Required action »
The goal here is an exact copy of the entries below, without their pictures.

Data excerpts »
^^^^^^^^

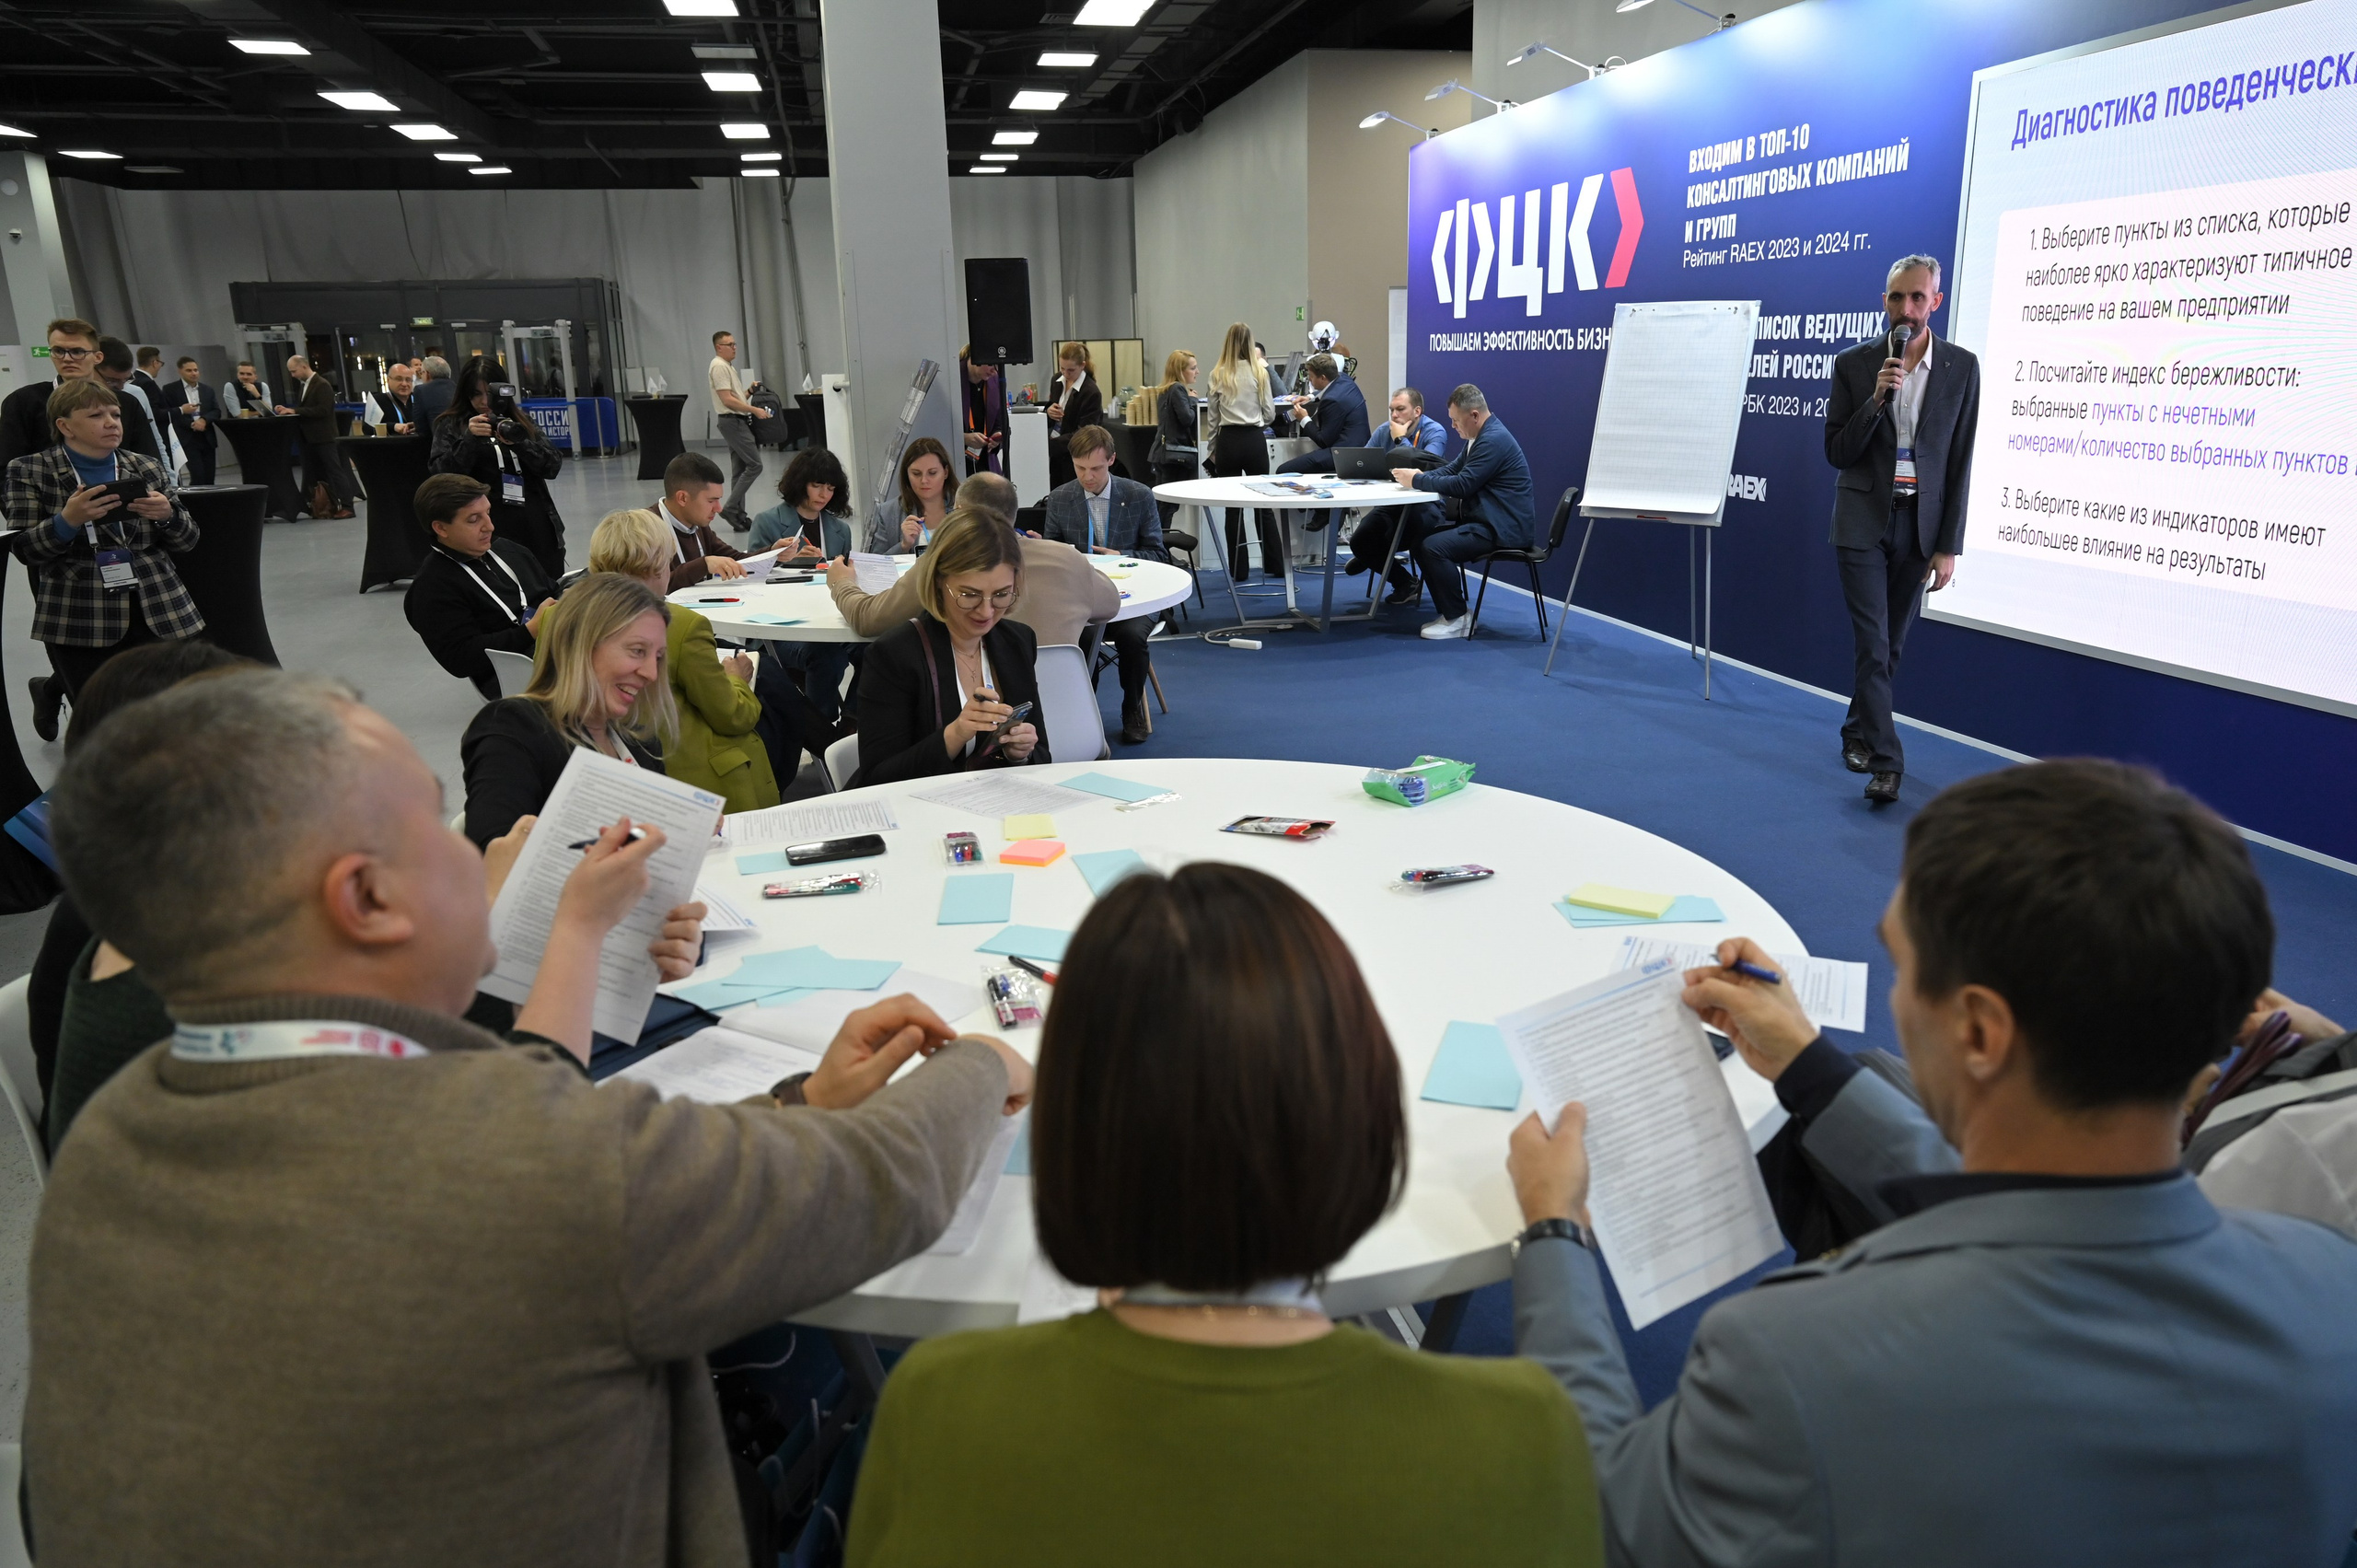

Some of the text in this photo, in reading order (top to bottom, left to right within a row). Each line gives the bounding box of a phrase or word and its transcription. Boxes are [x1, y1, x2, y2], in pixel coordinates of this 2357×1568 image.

[2011, 51, 2357, 151] Диагностика поведенческ
[1689, 122, 1810, 174] ВХОДИМ В ТОП-10
[1686, 136, 1910, 209] КОНСАЛТИНГОВЫХ КОМПАНИЙ
[1684, 213, 1737, 243] И ГРУПП
[2030, 202, 2351, 252] 1. Выберите пункты из списка, которые
[1683, 230, 1872, 268] Рейтинг RAEX 2023 и 2024 гг.
[2026, 247, 2352, 288] наиболее ярко характеризуют типичное
[1805, 310, 1886, 343] ВЕДУЩИХ
[2022, 294, 2290, 325] поведение на вашем предприятии
[1429, 331, 1481, 352] ПОВЫШАЕМ
[1483, 328, 1574, 351] ЭФФЕКТИВНОСТЬ
[1782, 354, 1838, 379] РОССИ
[2014, 360, 2301, 390] 2. Посчитайте индекс бережливости:
[1768, 395, 1799, 415] 2023
[1803, 401, 1811, 417] и
[2012, 395, 2256, 427] выбранные пункты с нечетными
[548, 426, 571, 436] ИСТОР
[2008, 429, 2165, 461] номерами/количество
[2170, 439, 2268, 470] выбранных
[2272, 450, 2348, 477] пунктов
[2001, 487, 2327, 547] 3. Выберите какие из индикаторов имеют
[1998, 523, 2266, 580] наибольшее влияние на результаты
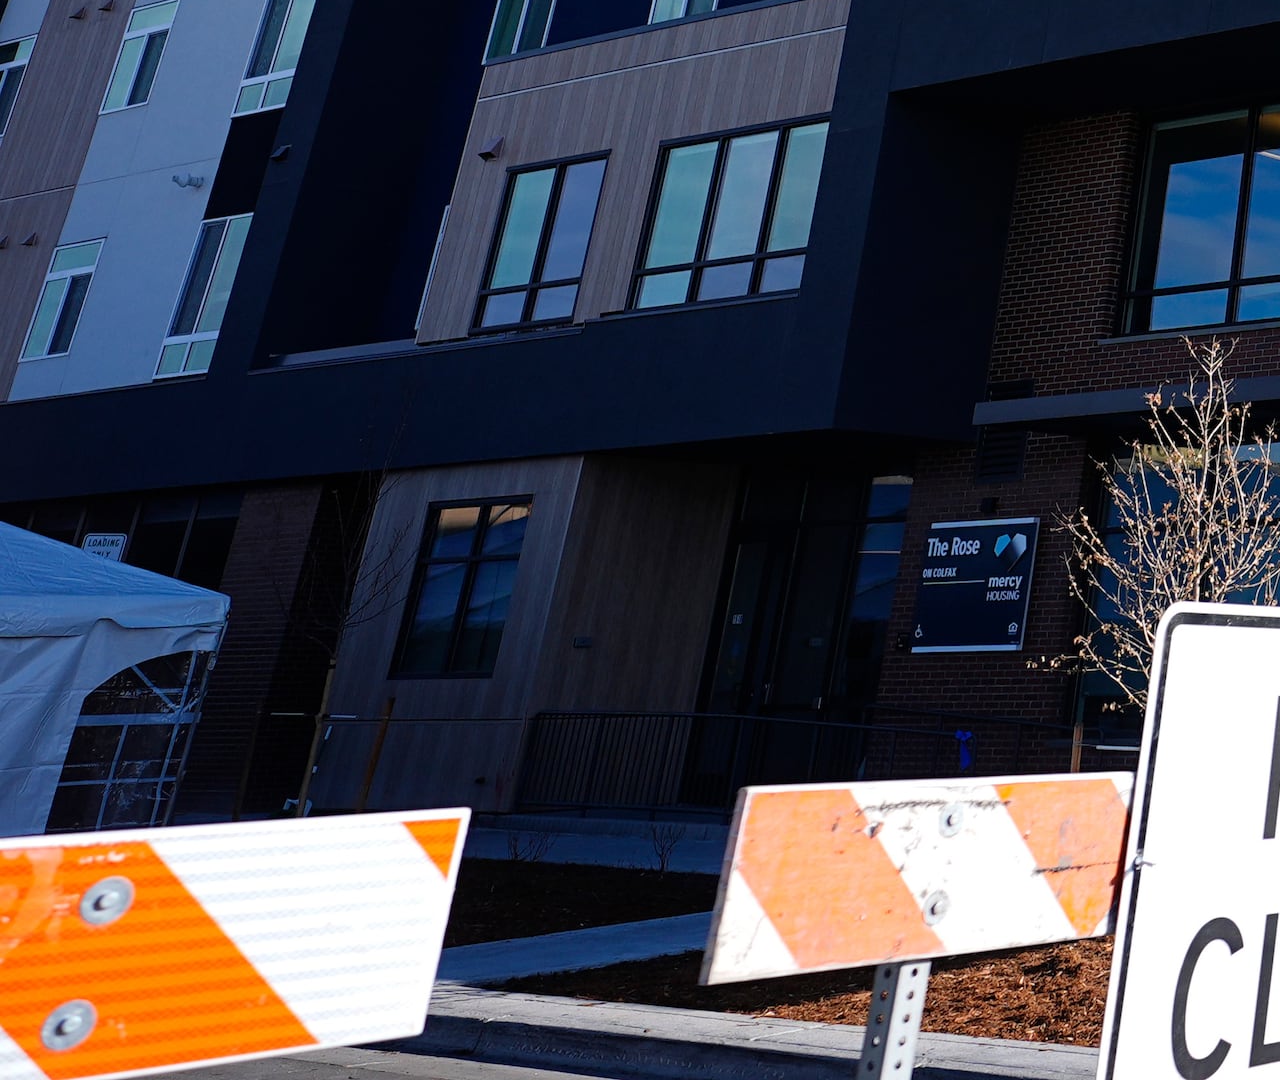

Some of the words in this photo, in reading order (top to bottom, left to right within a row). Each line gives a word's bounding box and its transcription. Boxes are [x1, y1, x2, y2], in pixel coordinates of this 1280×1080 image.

[88, 538, 120, 547] LOADING
[928, 538, 949, 557] The
[951, 536, 981, 556] Rose
[923, 569, 933, 578] ON
[933, 567, 958, 577] COLFAX
[988, 576, 1023, 589] mercy
[986, 590, 1020, 601] HOUSING
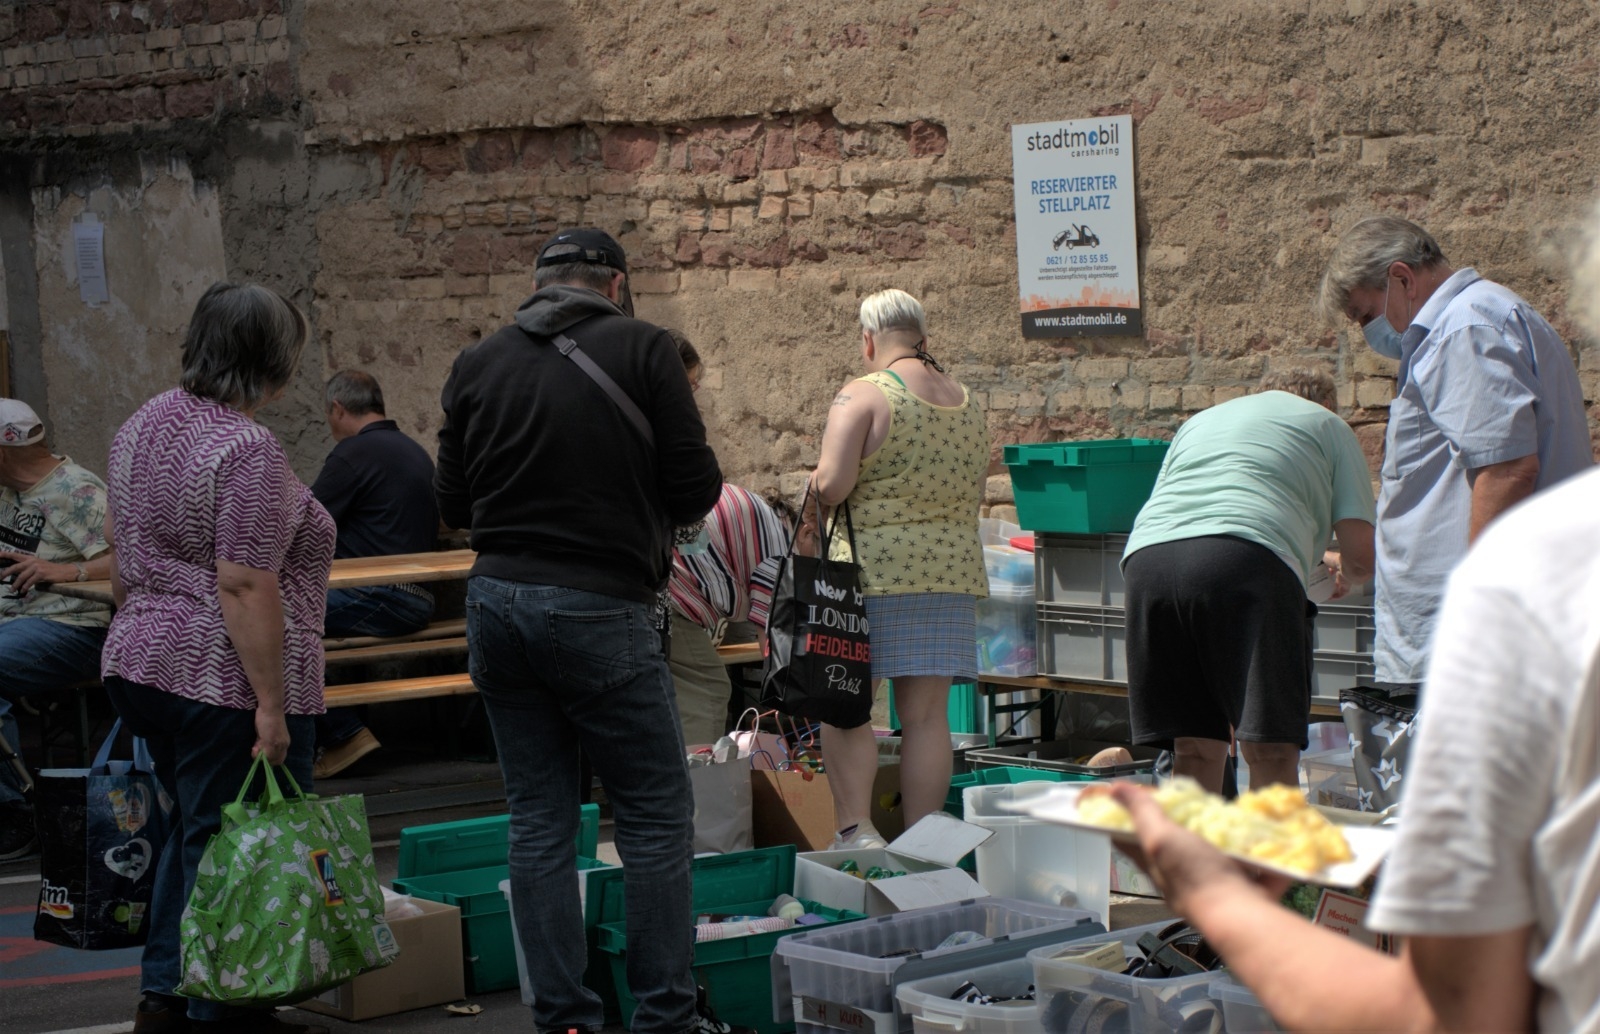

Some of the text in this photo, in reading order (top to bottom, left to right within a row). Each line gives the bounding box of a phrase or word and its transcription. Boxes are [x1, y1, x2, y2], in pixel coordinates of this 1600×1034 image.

[1027, 123, 1119, 151] stadtmobil
[1071, 147, 1119, 157] carsharing
[1031, 175, 1117, 195] RESERVIERTER
[1039, 195, 1111, 213] STELLPLATZ
[1046, 256, 1062, 265] 0621
[1069, 255, 1078, 264] 12
[1079, 254, 1088, 264] 85
[1089, 254, 1098, 263] 55
[1099, 253, 1109, 263] 85
[1035, 312, 1127, 327] www.stadtmobil.de
[814, 579, 847, 602] New
[807, 604, 869, 636] LONDO
[825, 664, 862, 695] Paris
[1327, 909, 1358, 925] Machen
[818, 1004, 826, 1021] H

^^^^^^^^

Completed exercise »
Some of the text in this photo, in reading order (top to bottom, left to right within a row). Each line gives the bounding box of a phrase or word and its transcription. Boxes are [x1, y1, x2, y2], in pixel coordinates of this 2357×1568 image.

[2011, 51, 2357, 151] Диагностика поведенческ
[1689, 122, 1810, 174] ВХОДИМ В ТОП-10
[1686, 136, 1910, 209] КОНСАЛТИНГОВЫХ КОМПАНИЙ
[1684, 213, 1737, 243] И ГРУПП
[2030, 202, 2351, 252] 1. Выберите пункты из списка, которые
[1683, 230, 1872, 268] Рейтинг RAEX 2023 и 2024 гг.
[2026, 247, 2352, 288] наиболее ярко характеризуют типичное
[1805, 310, 1886, 343] ВЕДУЩИХ
[2022, 294, 2290, 325] поведение на вашем предприятии
[1429, 331, 1481, 352] ПОВЫШАЕМ
[1483, 328, 1574, 351] ЭФФЕКТИВНОСТЬ
[1782, 354, 1838, 379] РОССИ
[2014, 360, 2301, 390] 2. Посчитайте индекс бережливости:
[1768, 395, 1799, 415] 2023
[1803, 401, 1811, 417] и
[2012, 395, 2256, 427] выбранные пункты с нечетными
[548, 426, 571, 436] ИСТОР
[2008, 429, 2165, 461] номерами/количество
[2170, 439, 2268, 470] выбранных
[2272, 450, 2348, 477] пунктов
[2001, 487, 2327, 547] 3. Выберите какие из индикаторов имеют
[1998, 523, 2266, 580] наибольшее влияние на результаты

Some of the words in this photo, in reading order (top to bottom, left to right within a row). Each line gives a word's bounding box and its transcription. Boxes are [x1, y1, x2, y2], in pixel coordinates of this 1280×1080 image.

[88, 538, 120, 547] LOADING
[928, 538, 949, 557] The
[951, 536, 981, 556] Rose
[923, 569, 933, 578] ON
[933, 567, 958, 577] COLFAX
[988, 576, 1023, 589] mercy
[986, 590, 1020, 601] HOUSING

Some of the text in this photo, in reading order (top to bottom, left to right within a row). Each line gives the bounding box of a phrase or word and its transcription. Boxes are [x1, y1, x2, y2], in pixel coordinates of this 1600×1034 image.

[1027, 123, 1119, 151] stadtmobil
[1071, 147, 1119, 157] carsharing
[1031, 175, 1117, 195] RESERVIERTER
[1039, 195, 1111, 213] STELLPLATZ
[1046, 256, 1062, 265] 0621
[1069, 255, 1078, 264] 12
[1079, 254, 1088, 264] 85
[1089, 254, 1098, 263] 55
[1099, 253, 1109, 263] 85
[1035, 312, 1127, 327] www.stadtmobil.de
[814, 579, 847, 602] New
[807, 604, 869, 636] LONDO
[825, 664, 862, 695] Paris
[1327, 909, 1358, 925] Machen
[818, 1004, 826, 1021] H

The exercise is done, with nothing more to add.